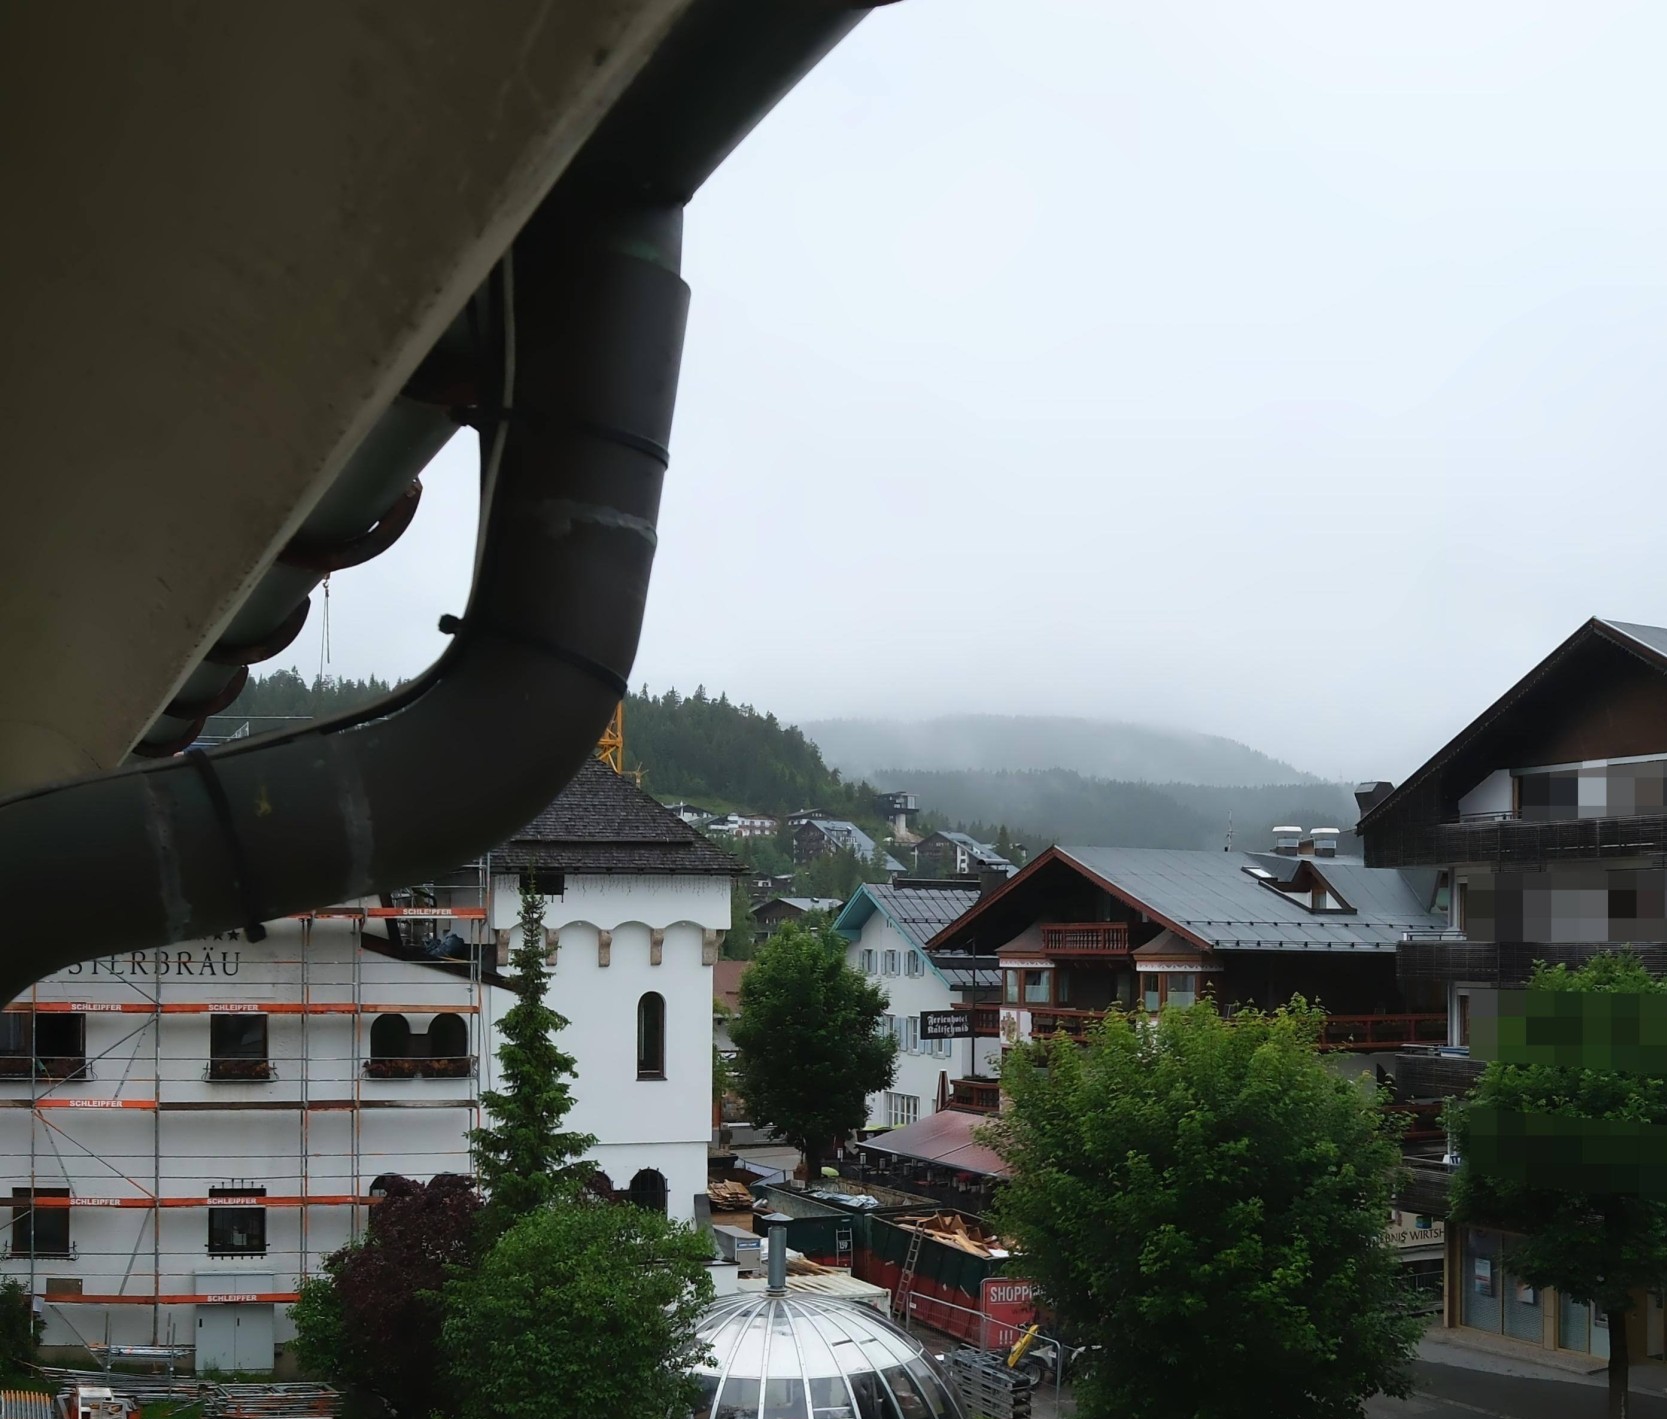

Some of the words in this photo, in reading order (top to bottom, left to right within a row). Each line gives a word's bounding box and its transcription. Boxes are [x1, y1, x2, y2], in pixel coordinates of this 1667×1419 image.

[402, 908, 452, 916] SCHLEIPFER
[71, 1003, 122, 1011] SCHLEIPFER
[208, 1003, 259, 1011] SCHLEIPFER
[69, 1100, 123, 1108] SCHLEIPFER
[69, 1198, 121, 1206] SCHLEIPFER
[206, 1197, 257, 1205] SCHLEIPFER
[990, 1285, 1038, 1302] SHOPPI
[207, 1294, 257, 1302] SCHLEIPFER
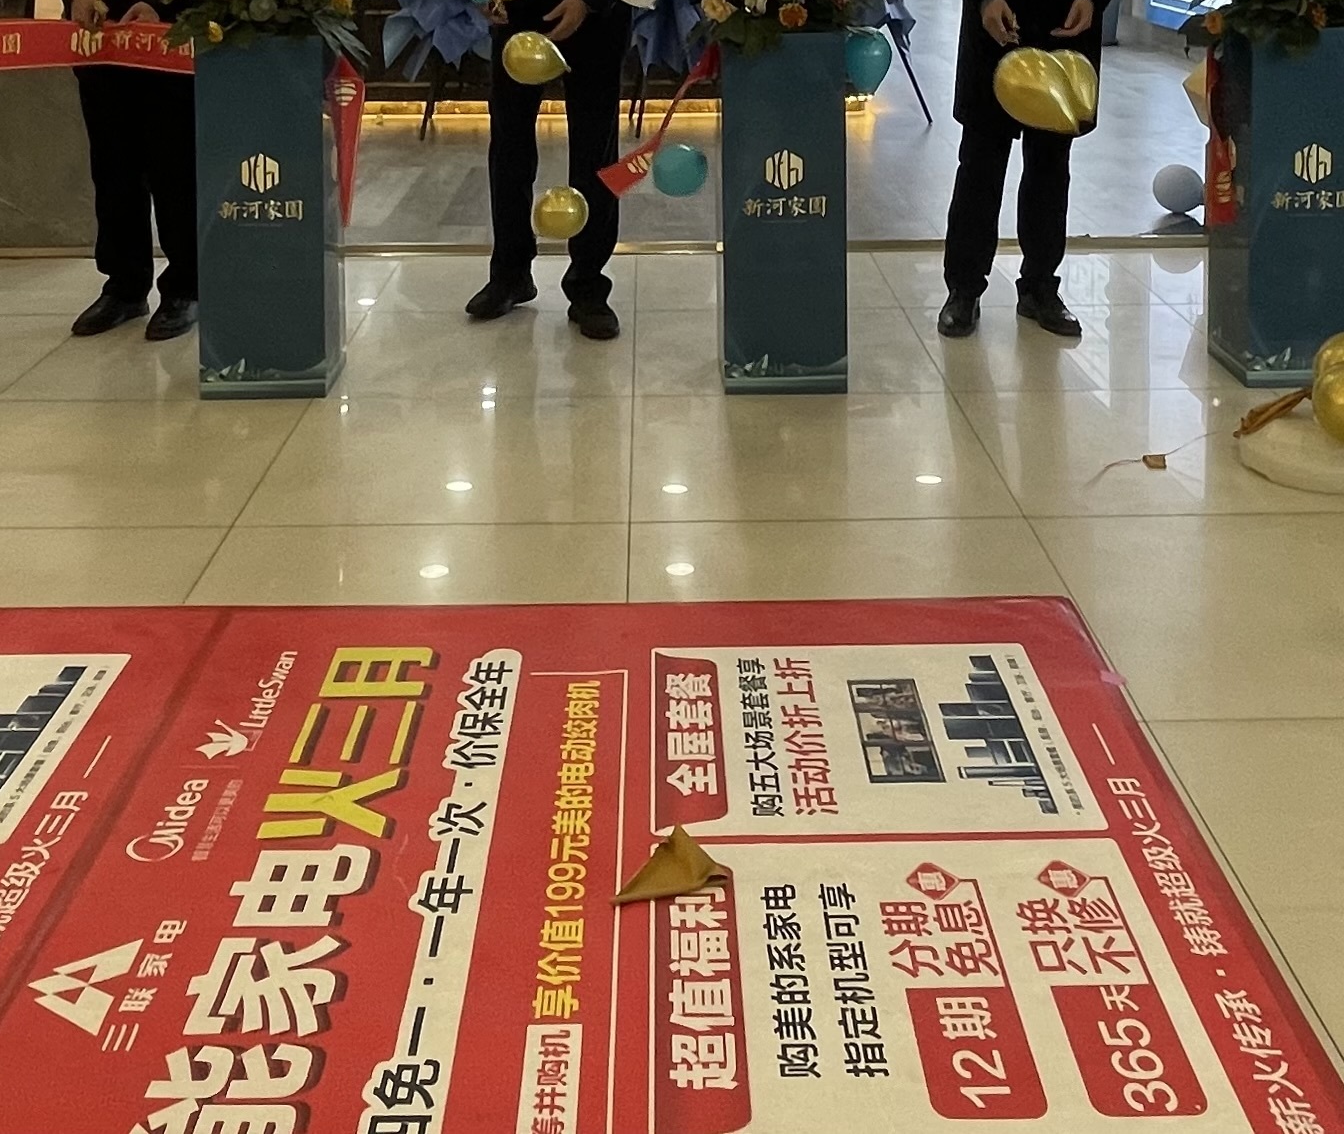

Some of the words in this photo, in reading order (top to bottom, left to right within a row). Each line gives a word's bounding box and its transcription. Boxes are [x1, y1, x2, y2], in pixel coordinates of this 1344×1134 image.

[216, 198, 305, 222] 新河家園
[741, 195, 827, 219] 新河家園
[246, 649, 299, 733] LittleSwan
[665, 673, 718, 797] 全屋套餐
[736, 657, 785, 817] 购五大场景套餐享
[773, 657, 839, 816] 活动价折上折
[125, 778, 209, 863] Midea
[760, 883, 822, 1079] 购美的系家电
[818, 882, 890, 1078] 指定机型可享
[879, 901, 945, 978] 分期
[932, 899, 1000, 978] 免息
[1016, 897, 1088, 975] 只换
[1067, 897, 1138, 974] 不修
[100, 918, 188, 1053] 三联家电
[935, 996, 1012, 1109] 12期
[1097, 985, 1180, 1113] 365天
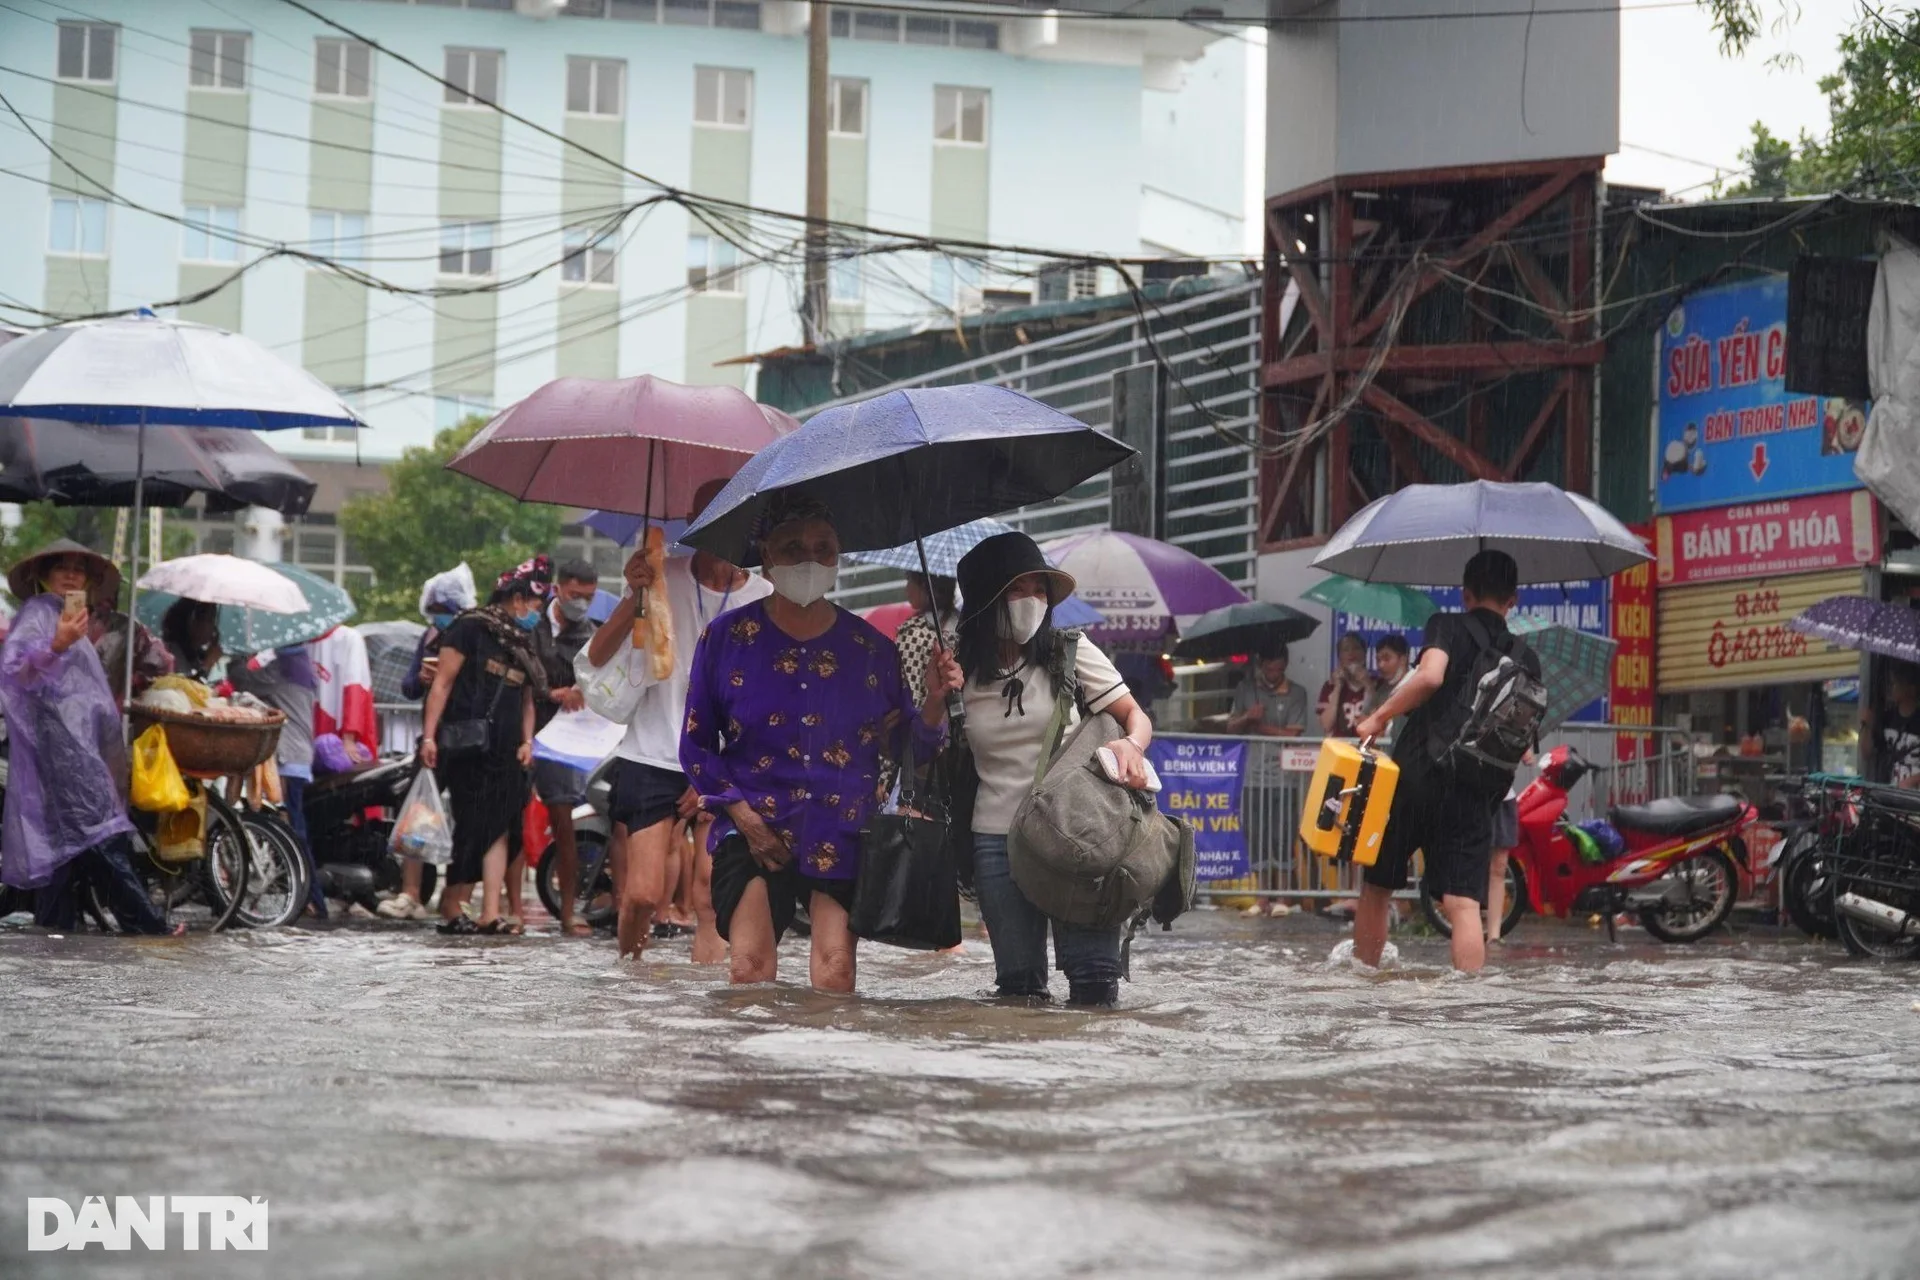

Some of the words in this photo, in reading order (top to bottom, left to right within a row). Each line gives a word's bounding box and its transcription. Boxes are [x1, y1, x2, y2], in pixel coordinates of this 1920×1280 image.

§ **Task prompt**
Only the text of the records above, copied exactly, should be returned; the pictures stay out.

§ **Solution**
Some of the words in this photo, in reading order (top to bottom, left to right within a row). Each line gives a word's bounding box and its transcription. Boxes are [x1, y1, x2, y2], in pixel coordinates of this 1667×1419 image.

[402, 908, 452, 916] SCHLEIPFER
[71, 1003, 122, 1011] SCHLEIPFER
[208, 1003, 259, 1011] SCHLEIPFER
[69, 1100, 123, 1108] SCHLEIPFER
[69, 1198, 121, 1206] SCHLEIPFER
[206, 1197, 257, 1205] SCHLEIPFER
[990, 1285, 1038, 1302] SHOPPI
[207, 1294, 257, 1302] SCHLEIPFER

Some of the words in this photo, in reading order (top to bottom, left to right within a row). Each line gives a word's bounding box and its transcription. Boxes are [x1, y1, x2, y2], in pixel coordinates of this 1344×1134 image.

[216, 198, 305, 222] 新河家園
[741, 195, 827, 219] 新河家園
[246, 649, 299, 733] LittleSwan
[665, 673, 718, 797] 全屋套餐
[736, 657, 785, 817] 购五大场景套餐享
[773, 657, 839, 816] 活动价折上折
[125, 778, 209, 863] Midea
[760, 883, 822, 1079] 购美的系家电
[818, 882, 890, 1078] 指定机型可享
[879, 901, 945, 978] 分期
[932, 899, 1000, 978] 免息
[1016, 897, 1088, 975] 只换
[1067, 897, 1138, 974] 不修
[100, 918, 188, 1053] 三联家电
[935, 996, 1012, 1109] 12期
[1097, 985, 1180, 1113] 365天

Some of the words in this photo, in reading order (top to bottom, left to right within a row). Each line gives a word's bounding box and its transcription. Boxes are [x1, y1, x2, y2], in pixel coordinates of this 1920×1280 image.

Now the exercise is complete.